Patton said MISO should reconsider its anticipated fleet evolution in its second future, use the most informed capacity expansion and generation retirement assumptions it can, evaluate energy storage alternatives to new lines, and ensure that “any estimated benefits include all of the costs incurred to realize the benefits.”

He told board members that if MISO assumes members add overwhelmingly intermittent resources, it will conclude reliability will suffer unless it adds dramatically more transmission. Patton said MISO should recognize that members will likely add energy storage components to renewable energy additions and continue to build natural gas facilities.

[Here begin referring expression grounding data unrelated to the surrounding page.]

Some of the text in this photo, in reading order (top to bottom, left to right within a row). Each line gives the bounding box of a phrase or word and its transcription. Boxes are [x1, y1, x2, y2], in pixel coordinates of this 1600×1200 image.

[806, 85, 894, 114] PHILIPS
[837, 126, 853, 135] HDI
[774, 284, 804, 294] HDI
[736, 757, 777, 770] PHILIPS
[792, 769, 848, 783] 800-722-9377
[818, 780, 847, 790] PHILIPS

“I think we need to take a hard look at Future 2 as the basis before we begin this planning,” he said.

Markets Committee members said they must discuss whether it’s appropriate for them to consider MISO transmission planning decisions. The System Planning Committee of the MISO Board of Directors typically oversees MISO’s transmission planning choices.

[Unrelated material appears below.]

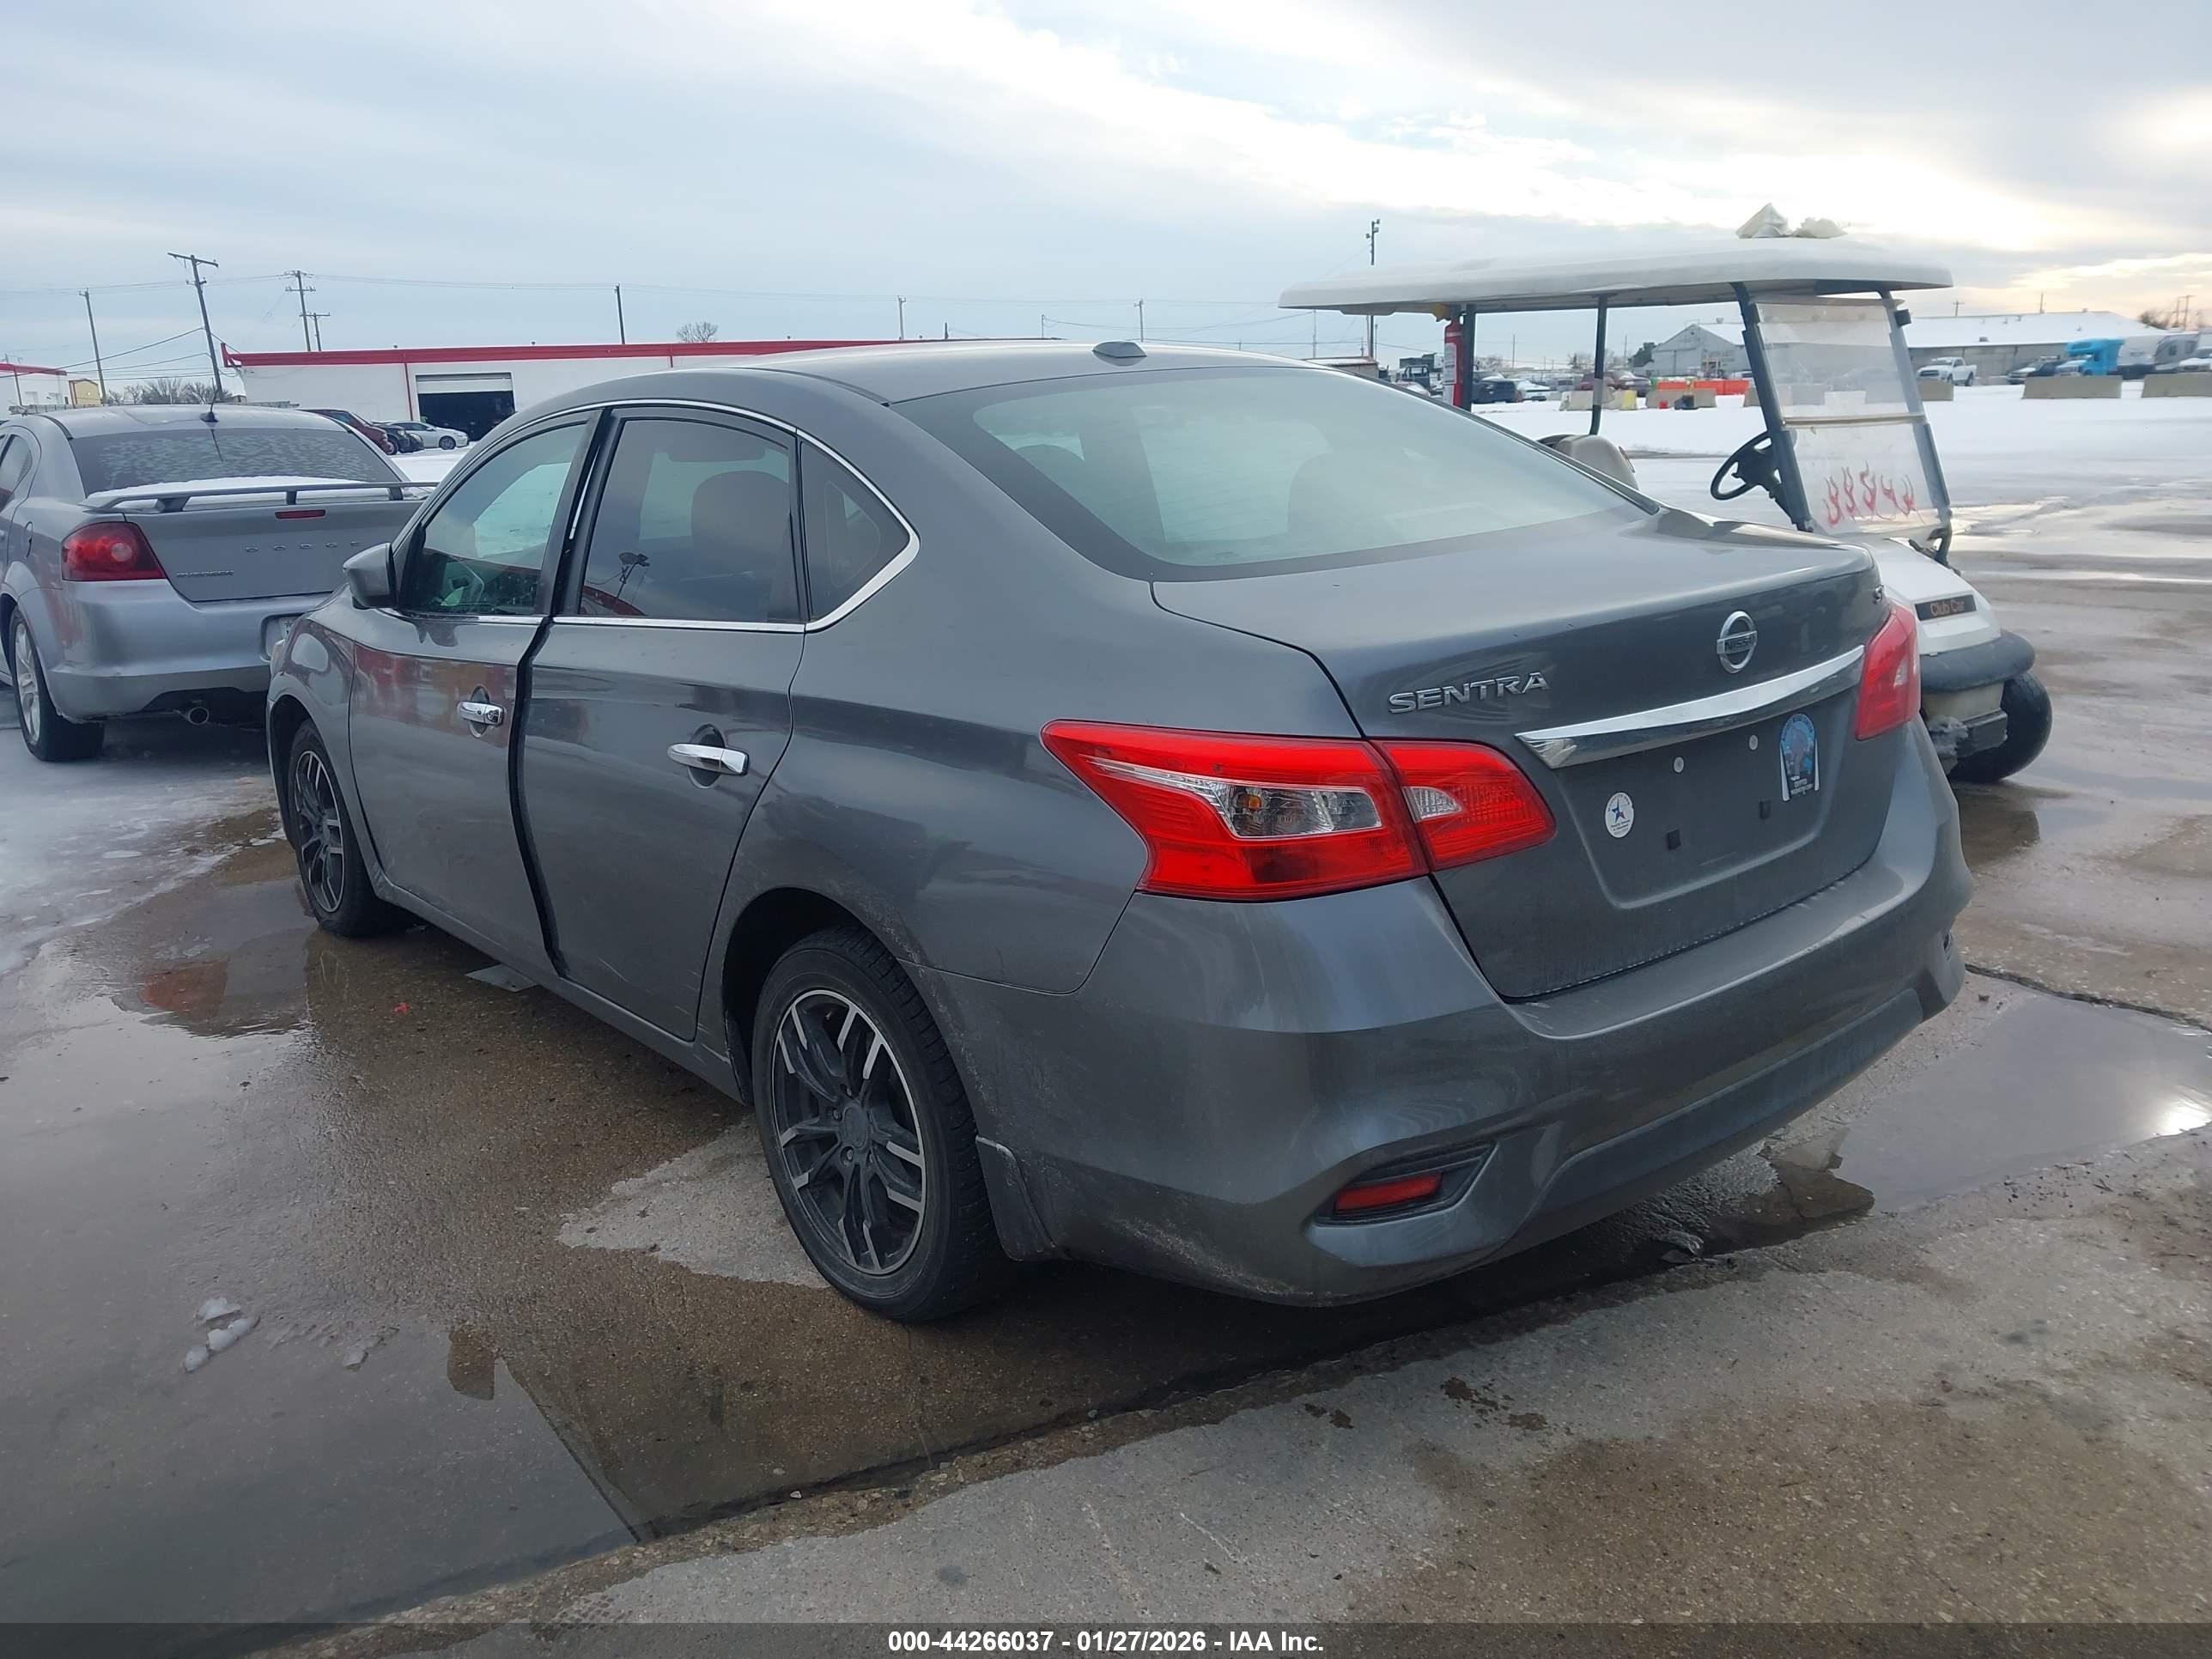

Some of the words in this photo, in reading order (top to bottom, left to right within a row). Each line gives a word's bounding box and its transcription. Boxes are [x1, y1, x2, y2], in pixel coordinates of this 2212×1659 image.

[1930, 600, 1950, 617] Club
[1950, 598, 1966, 613] Car
[1389, 672, 1550, 714] SENTRA

Annual Offers in the Seasonal Capacity Market

Finally, Patton turned his attention to MISO’s first seasonal capacity auction and said MISO should establish a way for suppliers to submit annual offers and rework some of its 31-day outage limit.

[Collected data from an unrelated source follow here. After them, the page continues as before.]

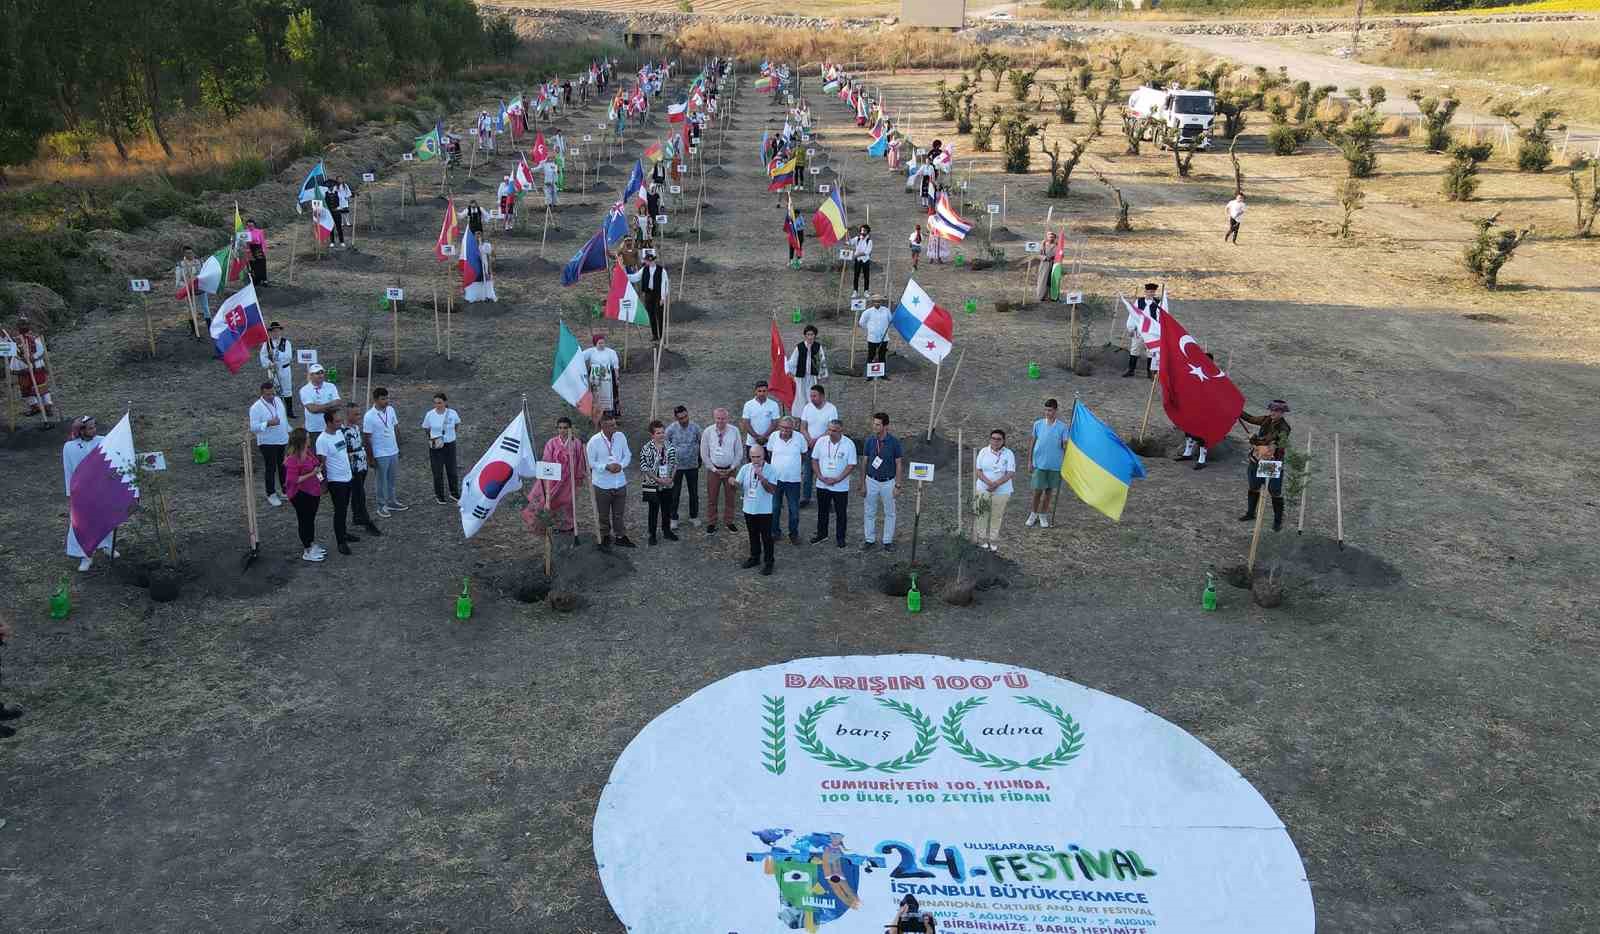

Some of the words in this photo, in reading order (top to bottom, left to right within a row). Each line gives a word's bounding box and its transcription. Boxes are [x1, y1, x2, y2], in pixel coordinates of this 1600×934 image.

[785, 673, 926, 695] BARIŞIN
[836, 724, 891, 740] barış
[982, 724, 1044, 736] adına
[821, 778, 939, 791] CUMHURİYETİN
[946, 780, 981, 791] 100.
[984, 779, 1051, 791] YILINDA,
[820, 792, 850, 803] 100
[856, 790, 899, 804] ÜLKE,
[907, 792, 935, 803] 100
[941, 790, 995, 803] ZEYTİN
[1000, 789, 1051, 803] FİDANI
[964, 842, 1055, 852] ULUSLARARASI
[890, 879, 984, 898] İSTANBUL
[990, 883, 1149, 904] BÜYÜKÇEKMECE
[893, 897, 988, 910] IRNATIONAL
[992, 902, 1040, 912] CULTURE
[1045, 904, 1073, 912] AND
[1077, 905, 1099, 914] ART
[1102, 906, 1154, 916] FESTIVAL

He said an auction that uses only seasonal offer parameters “raises substantial challenges for participants that have annual going forward costs they must cover.”

“Suppliers with a resource that requires a capital investment to remain in operation would find it difficult to offer such costs since it will not know how many seasons in which the resource will clear,” he explained.

Patton also said MISO’s 31-day limit on non-exempt generation outages is causing some distortion in the capacity market because “a number of suppliers” this year deliberately adjusted their longer unit outages, so they straddled seasons, thereby dodging penalties.

“This can be problematic for outages that are shifted from shoulder seasons into higher-demand winter and summer seasons,” Patton said. He said MISO should figure out how it can motivate better outage scheduling.

MISO leadership will respond to Patton’s State of the Market report in December.

MISO Stakeholders Request JTIQ Cost Containment Measures

Stakeholders pressed MISO to include some form of cost containment measures for it and SPP’s Joint Targeted Interconnection Queue portfolio, weeks after the RTOs revealed that the cost estimate for the projects nearly doubled to about $2 billion.

The requests came at a June 27 special meeting to firm up the tariff additions MISO will need to incorporate in the JTIQ study and cost recovery details so it can become a repeatable process.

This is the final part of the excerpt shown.